> Required work:
Please reproduce the records below exactly, omitting any pictures they contain.

[[ Excerpted records open ]]

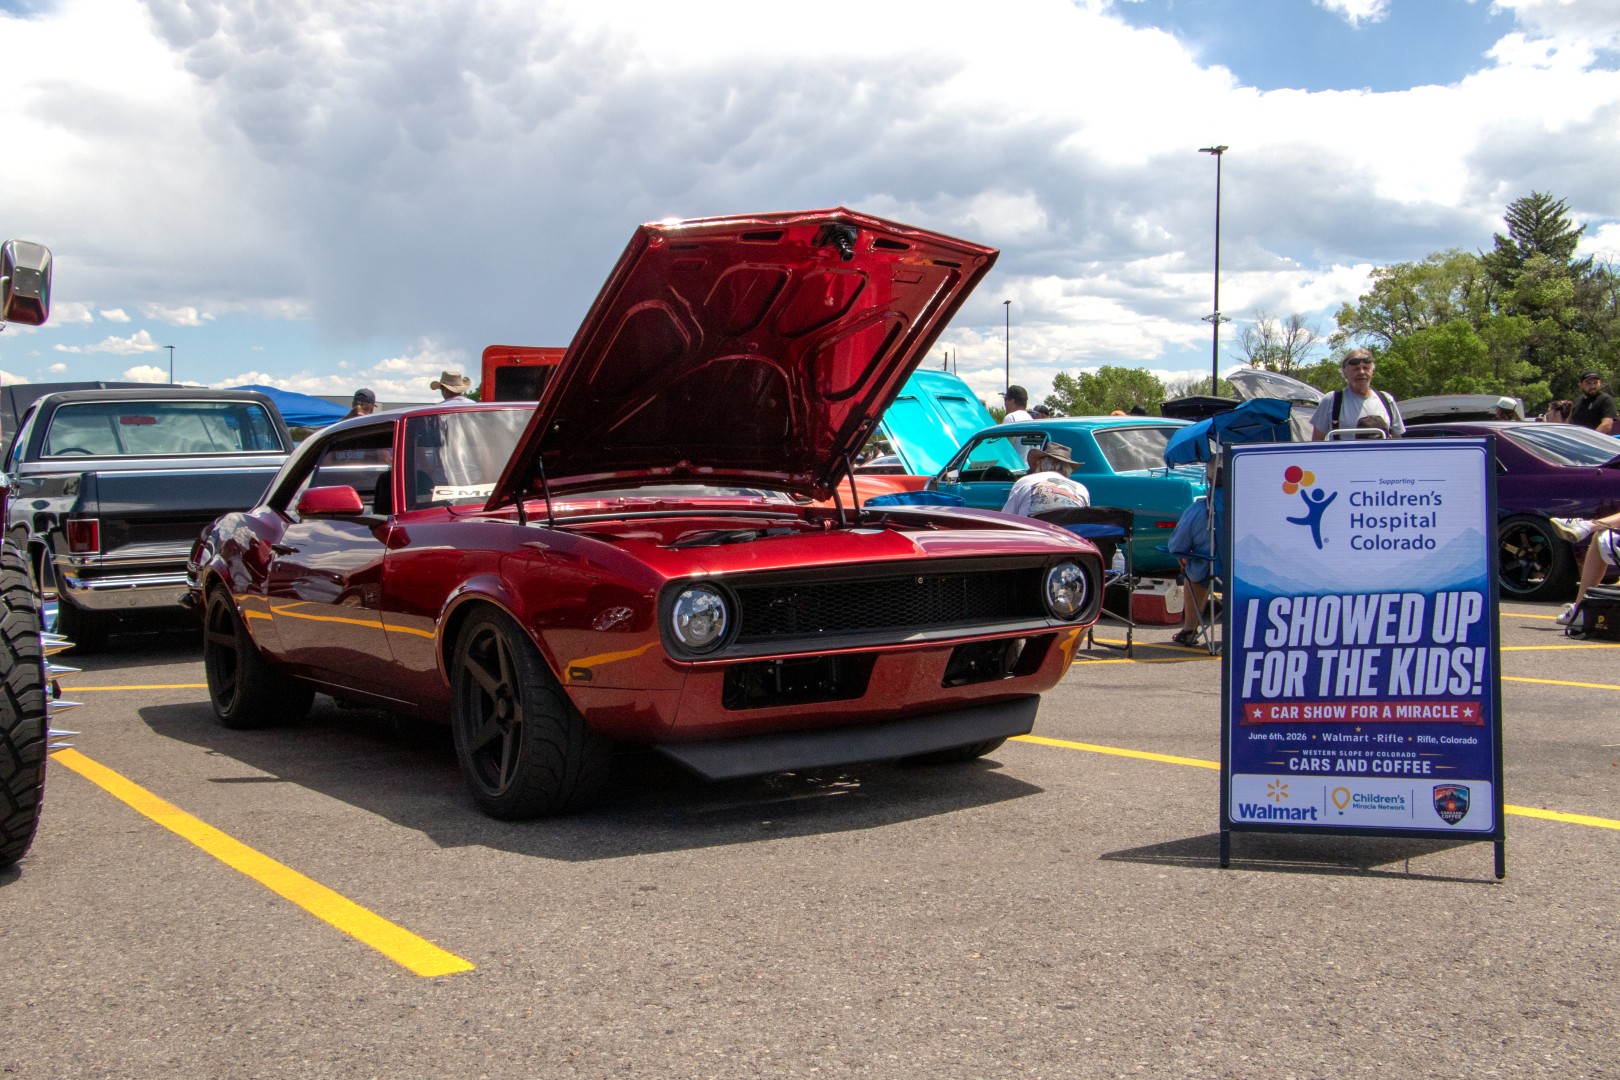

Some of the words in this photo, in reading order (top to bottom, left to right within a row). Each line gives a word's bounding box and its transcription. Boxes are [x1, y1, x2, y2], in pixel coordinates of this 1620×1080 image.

[1378, 478, 1415, 486] Supporting
[1349, 490, 1442, 507] Children's
[1350, 511, 1436, 532] Hospital
[1350, 533, 1436, 550] Colorado
[1243, 598, 1260, 649] I
[1264, 592, 1425, 648] SHOWED
[1432, 591, 1483, 643] UP
[1241, 650, 1309, 699] FOR
[1317, 648, 1381, 697] THE
[1388, 646, 1486, 696] KIDS!
[1270, 706, 1299, 719] CAR
[1303, 705, 1347, 718] SHOW
[1351, 705, 1378, 718] FOR
[1382, 705, 1392, 718] A
[1396, 705, 1459, 718] MIRACLE
[1248, 732, 1267, 740] June
[1269, 733, 1285, 741] 6th,
[1286, 733, 1307, 741] 2026
[1322, 733, 1369, 742] Walmart
[1417, 735, 1439, 744] Rifle,
[1440, 736, 1478, 745] Colorado
[1289, 758, 1331, 771] CARS
[1335, 759, 1368, 772] AND
[1372, 760, 1431, 774] COFFEE
[1352, 793, 1405, 804] Children's
[1239, 803, 1317, 821] Walmart

[[ Excerpted records closed ]]

> Answer for this exercise:
Some of the words in this photo, in reading order (top to bottom, left to right within a row). Each line gives a word's bounding box and its transcription. Boxes are [x1, y1, x2, y2], in pixel coordinates of this 1620×1080 image.

[1378, 478, 1415, 486] Supporting
[1349, 490, 1442, 507] Children's
[1350, 511, 1436, 532] Hospital
[1350, 533, 1436, 550] Colorado
[1243, 598, 1260, 649] I
[1264, 592, 1425, 648] SHOWED
[1432, 591, 1483, 643] UP
[1241, 650, 1309, 699] FOR
[1317, 648, 1381, 697] THE
[1388, 646, 1486, 696] KIDS!
[1270, 706, 1299, 719] CAR
[1303, 705, 1347, 718] SHOW
[1351, 705, 1378, 718] FOR
[1382, 705, 1392, 718] A
[1396, 705, 1459, 718] MIRACLE
[1248, 732, 1267, 740] June
[1269, 733, 1285, 741] 6th,
[1286, 733, 1307, 741] 2026
[1322, 733, 1369, 742] Walmart
[1417, 735, 1439, 744] Rifle,
[1440, 736, 1478, 745] Colorado
[1289, 758, 1331, 771] CARS
[1335, 759, 1368, 772] AND
[1372, 760, 1431, 774] COFFEE
[1352, 793, 1405, 804] Children's
[1239, 803, 1317, 821] Walmart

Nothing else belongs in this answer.